GRAMSCI ANTONIO (1891-1937)

Du léninisme à l'antifascisme

Au lendemain de la controverse avec Tasca sur les rapports entre conseils et syndicats, Gramsci se retrouve isolé au sein du socialisme turinois. La majorité de l'aile révolutionnaire soutient les positions intransigeantes du courant « abstentionniste » (hostile à la participation aux élections) d'Amedeo Bordiga, et sa principale minorité (Togliatti, Tasca), une position « électionniste ». Gramsci refuse ce choix au nom de la priorité de l'action de masse, mais personne ne le suit. Il retrouve une position prédominante à l'occasion des grandes grèves accompagnées d'occupations d'usines qui se déroulent en septembre et octobre 1920, dans lesquelles les conseils turinois sont en flèche en tentant d'autogérer les établissements et où les ordinovistes sont les seuls à tirer toutes les conclusions d'une situation que Gramsci avait définie ainsi dès avril 1920 : « La phase actuelle de la lutte de classe en Italie est celle qui précède, soit la conquête du pouvoir politique par le prolétariat révolutionnaire, soit une terrible réaction de la part de la classe propriétaire et de la caste au pouvoir. » Mais le P.S.I. et la C.G.I.L., tiraillés entre les partisans du compromis avec le patronat et les tenants d'un révolutionnarisme purement verbal, renoncent à l'affrontement. Désormais Gramsci estime que la lutte prioritaire se déroule dans le parti. Dès mai 1920, il est le principal rédacteur d'une motion ordinoviste, Pour une rénovation du parti socialiste, qui sera explicitement approuvée par Lénine au IIe congrès de l' Internationale communiste, malgré les protestations de Serrati et de Bordiga.
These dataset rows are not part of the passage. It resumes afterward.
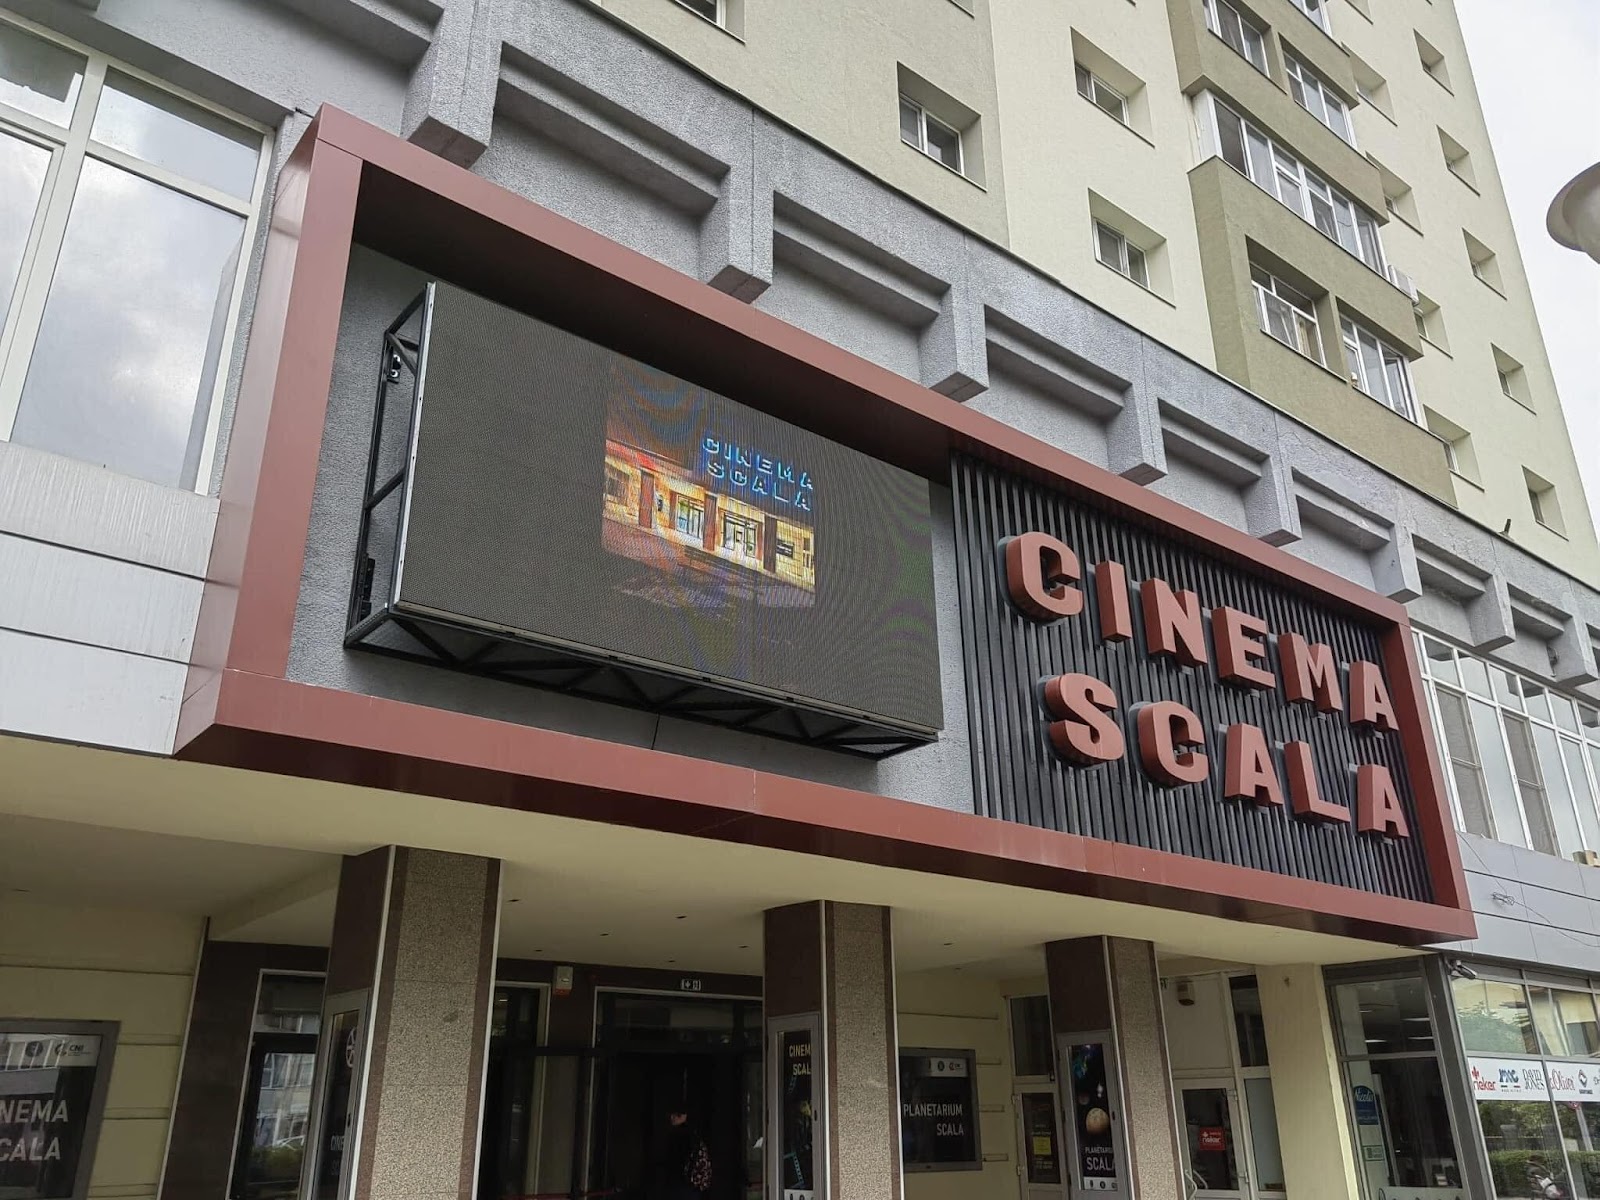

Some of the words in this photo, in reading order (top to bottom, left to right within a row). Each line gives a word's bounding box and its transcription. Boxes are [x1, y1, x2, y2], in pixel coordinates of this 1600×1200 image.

[702, 437, 814, 490] CINEMA
[707, 461, 811, 511] SCALA
[1005, 531, 1399, 732] CINEMA
[1044, 672, 1410, 839] SCALA
[903, 1103, 963, 1117] PLANETARIUM
[936, 1123, 965, 1137] SCALA
Ce succès est sans lendemain, du fait qu'il n'y a pas d'ordinovistes hors de Turin. Ceux-ci assistent passivement au débat Serrati-Bordiga et sont minoritaires au sein de la fraction communiste qui fait scission au congrès de Livourne en janvier 1921.

Au sein du P.C. italien contrôlé par les abstentionnistes, Gramsci joue un rôle secondaire ; il est pourtant le seul à mettre au premier plan la lutte contre le fascisme. Proposant en 1921 une analyse précise de la base sociale du fascisme, qui est constituée par la petite bourgeoisie, et de son idéologie (« Le Peuple des singes », dans l'Ordine Nuovo du 2 janvier 1921), il souligne la nécessité de prendre au sérieux ce mouvement et d'appuyer la résistance antifasciste, même non communiste (les Arditi del popolo). Isolé et non suivi, Gramsci est envoyé à Moscou, où il est intégré à l'exécutif de l'Internationale communiste et d'où il apprendra l'événement de la « marche sur Rome ».
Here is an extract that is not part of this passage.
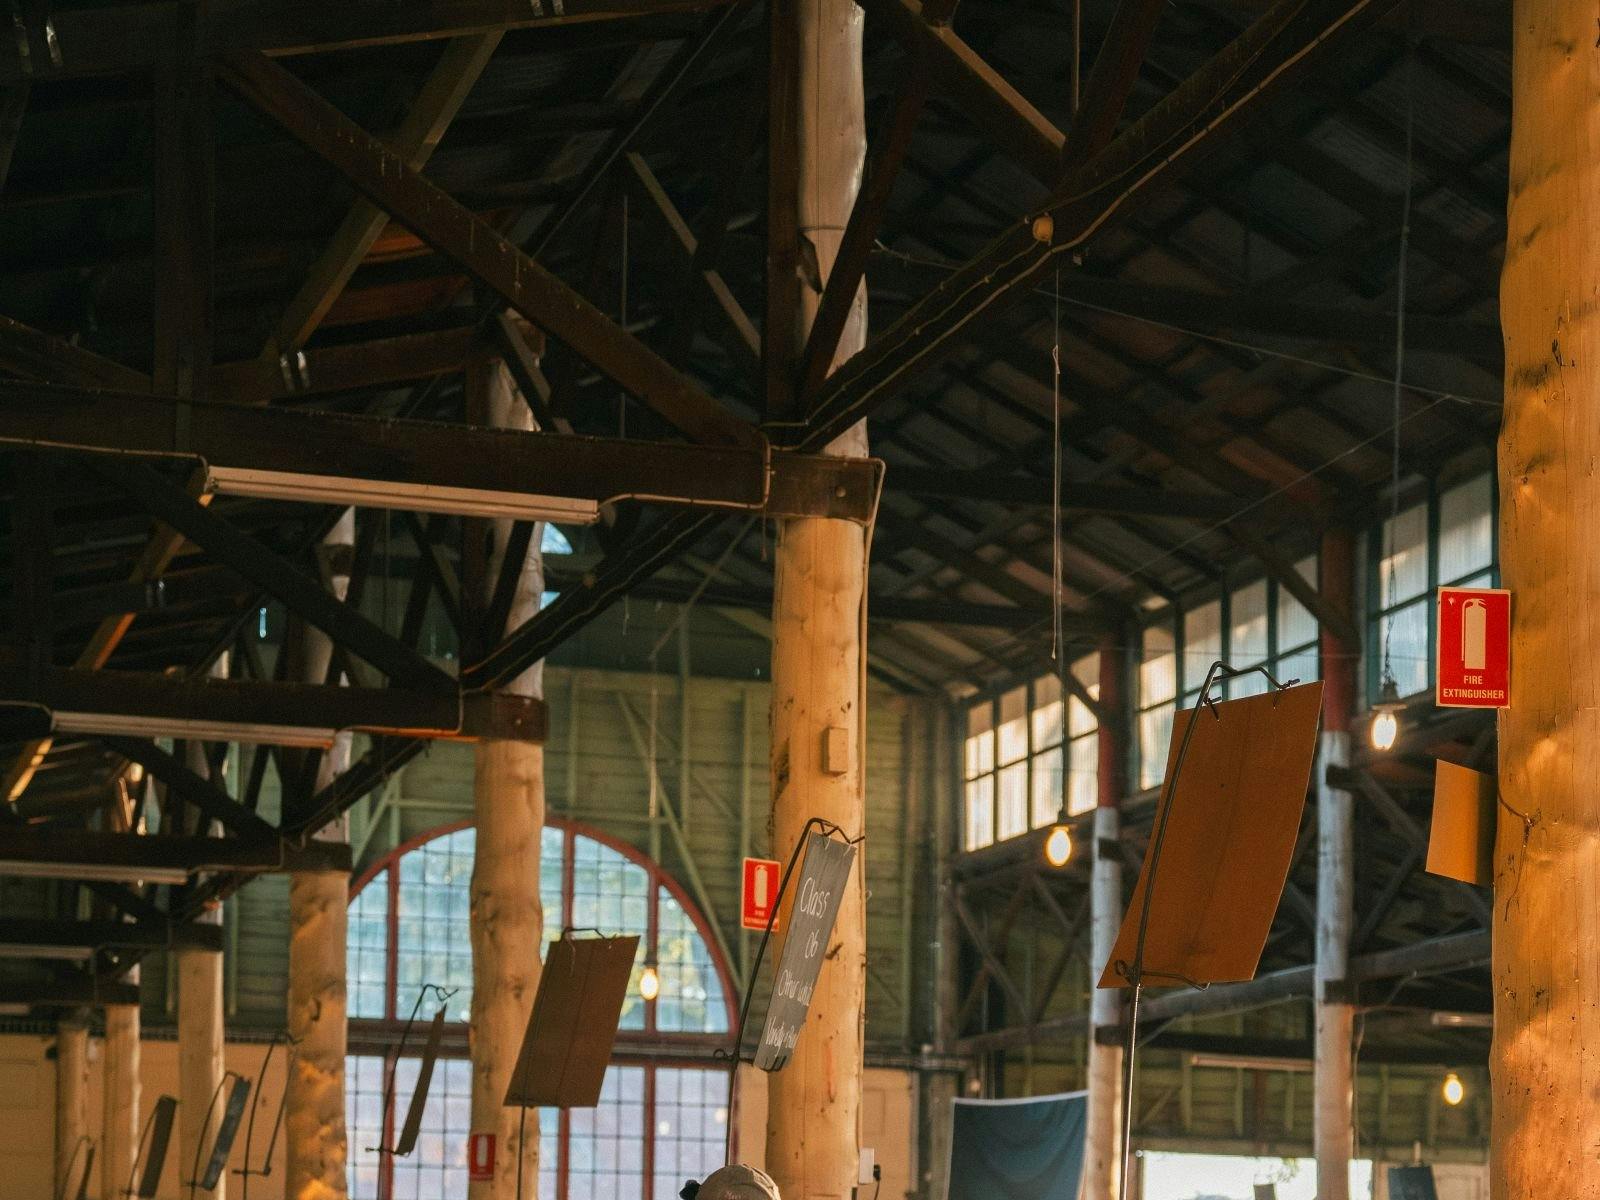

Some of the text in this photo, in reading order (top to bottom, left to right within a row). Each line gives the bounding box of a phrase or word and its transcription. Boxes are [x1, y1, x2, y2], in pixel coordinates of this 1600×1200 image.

À Moscou, Gramsci prend progressivement ses distances par rapport à Bordiga. Il appuie les tentatives de fusion avec les socialistes maximalistes de Serrati (qui échoueront pour l'essentiel) et devient l'homme de l'Internationale pour l'Italie. Après l'arrestation de Bordiga en février 1923 et afin d'éviter que Tasca ne prenne sa succession, l'Internationale communiste décide la constitution d'une nouvelle direction autour de Gramsci. De Vienne, celui-ci renoue les contacts avec les anciens ordinovistes, à qui il propose une stratégie fondée sur l'alliance des ouvriers du Nord et les paysans du Mezzogiorno. En février 1924, il organise la fusion avec le résidu des socialistes maximalistes (Serrati) et lance l'Unità ; en avril, il est élu député aux élections, à l'occasion desquelles, dans un climat de terreur, est assassiné le député socialiste Matteotti.
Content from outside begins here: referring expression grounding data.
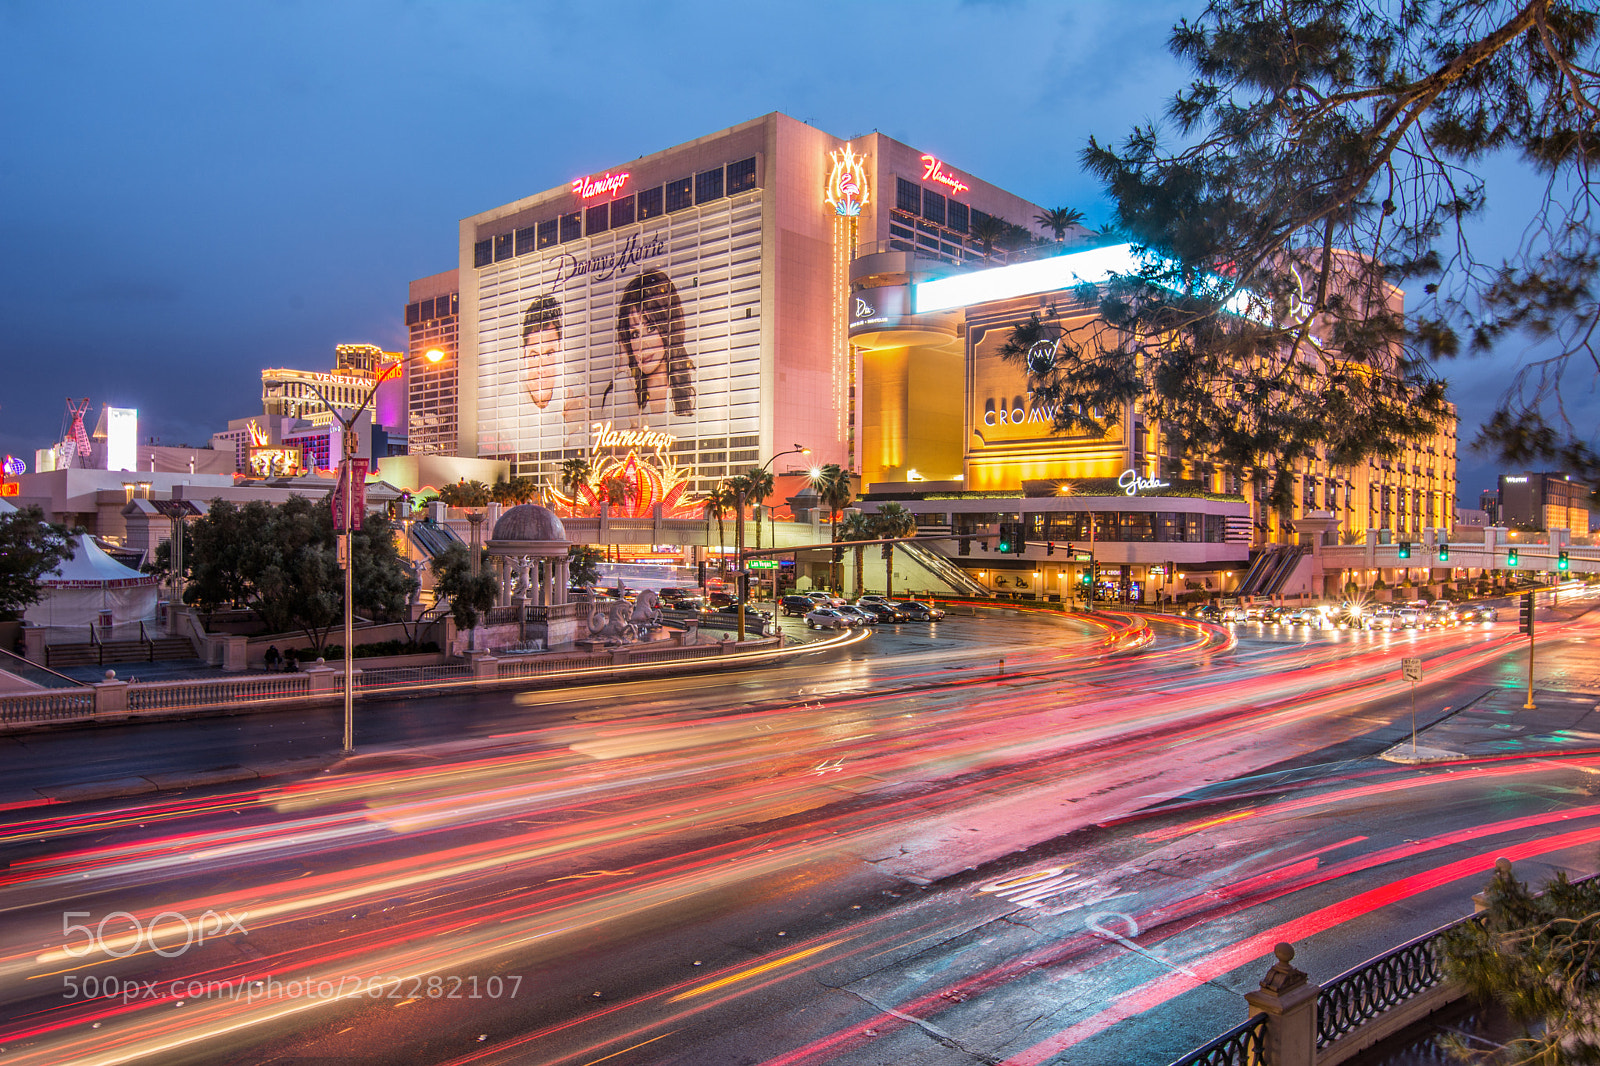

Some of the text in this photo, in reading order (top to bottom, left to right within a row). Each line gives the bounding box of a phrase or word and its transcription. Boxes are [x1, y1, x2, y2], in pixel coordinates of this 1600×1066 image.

[572, 172, 630, 199] Flamingo
[921, 154, 969, 195] Flamingo
[549, 253, 606, 291] Donny
[594, 230, 664, 281] Marie
[316, 372, 372, 387] VENETIAN
[984, 403, 1105, 426] CROMWL
[591, 421, 677, 456] Flamingo
[1118, 468, 1170, 495] Giada
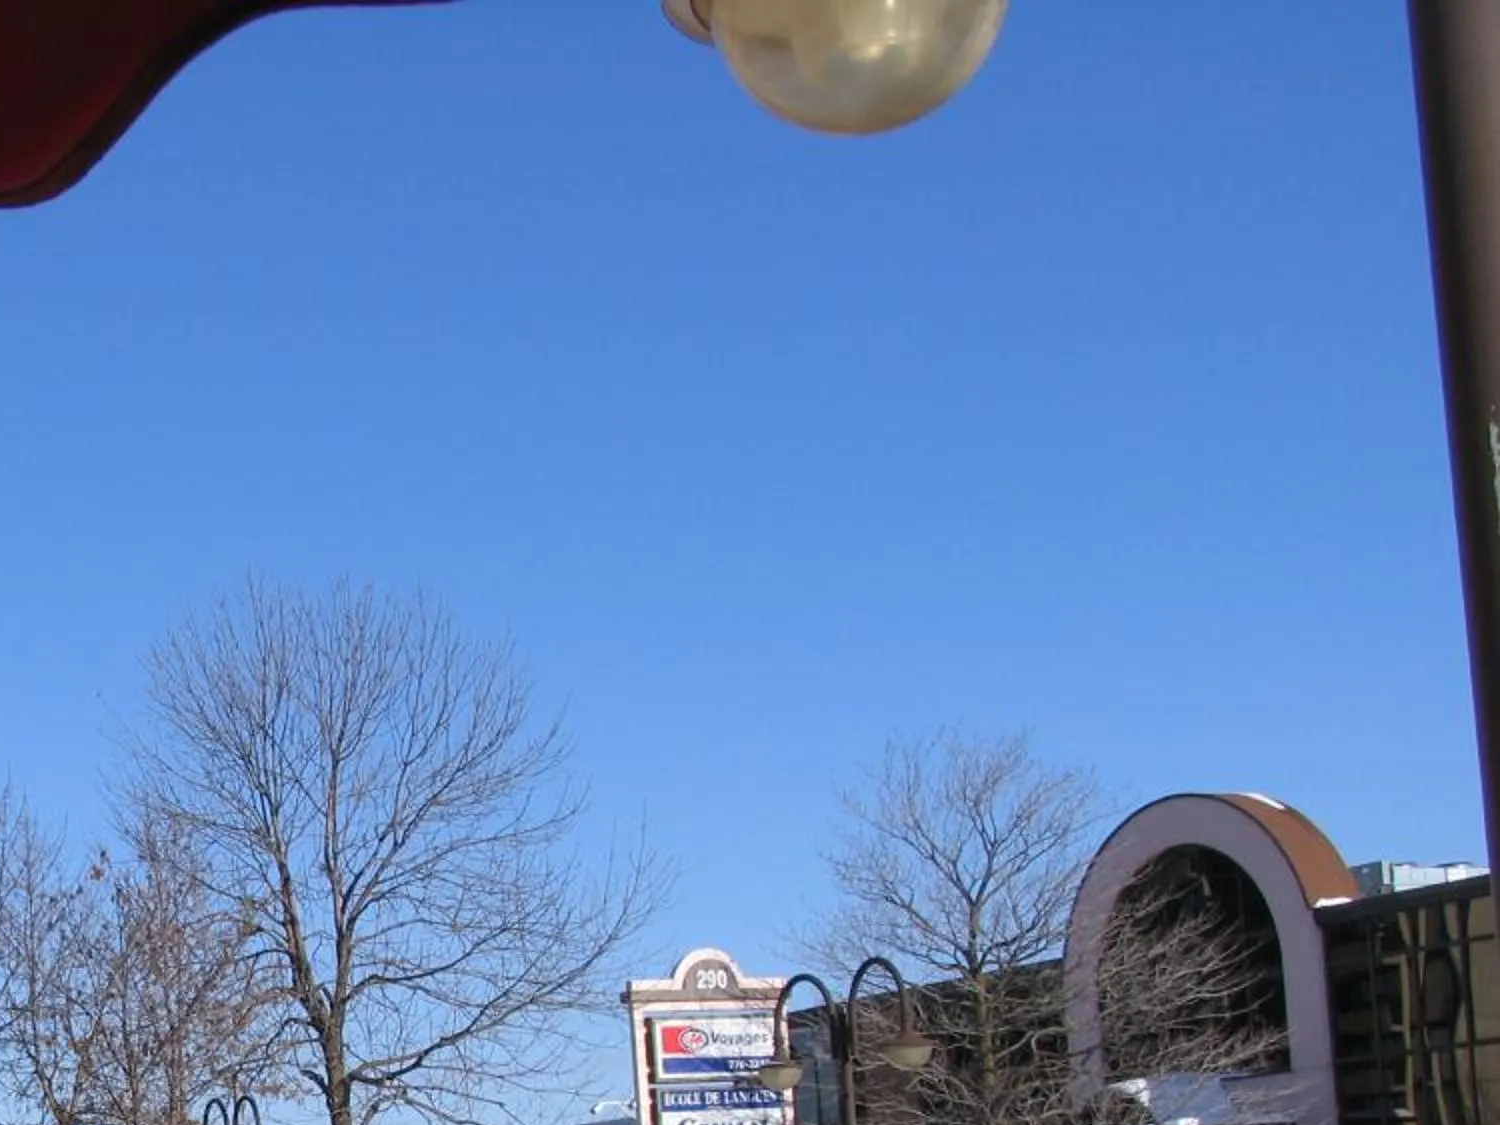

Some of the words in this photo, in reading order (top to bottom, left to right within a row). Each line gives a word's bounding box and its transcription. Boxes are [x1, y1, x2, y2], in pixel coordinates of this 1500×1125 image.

[696, 970, 728, 989] 290
[710, 1030, 768, 1048] Voyages
[705, 1090, 722, 1105] DE
Installé à Rome, Gramsci appuie la sécession parlementaire, mais, devant l'incapacité des partis démocratiques à organiser une résistance unie, il décide de retourner au Parlement, avec les députés communistes, défier Mussolini.

Encore minoritaire dans le[...]

La suite de cet article est accessible aux abonnés

  • Des contenus variés, complets et fiables
  • Accessible sur tous les écrans
  • Pas de publicité

Découvrez nos offres

Déjà abonné ? Se connecter

Écrit par

  • : professeur de science politique à l'université de Paris-X-Nanterre

Classification

Pour citer cet article

Hugues PORTELLI. GRAMSCI ANTONIO (1891-1937) [en ligne]. In Encyclopædia Universalis. Disponible sur : (consulté le )

Autres références

  • ITALIE - Langue et littérature

    • Écrit par Dominique FERNANDEZ, Angélique LEVI, Davide LUGLIO, Jean-Paul MANGANARO
    • 28 412 mots
    • 20 médias
    C'est là une véritable maladie nationale. Antonio Gramsci en faisait remonter la cause à la fracture qui marqua la fin des communes libres du Moyen Âge et l'avènement des principautés de la Renaissance. Tandis qu'au temps des Communes la langue utilisée pour écrire était vraiment la langue...
  • PCI (Parti communiste italien)

    • Écrit par Paul-Jean FRANCESCHINI
    • 1 322 mots
    • 1 média

    Celui qui devint « le plus puissant parti communiste du monde non communiste » avait été fondé au congrès de Livourne en 1921. Le Parti communiste italien (P.C.I.) ne regroupe d'abord que la minorité ultragauche du Parti socialiste dirigé par Amadeo Bordiga et le groupe qui, autour d'Antonio...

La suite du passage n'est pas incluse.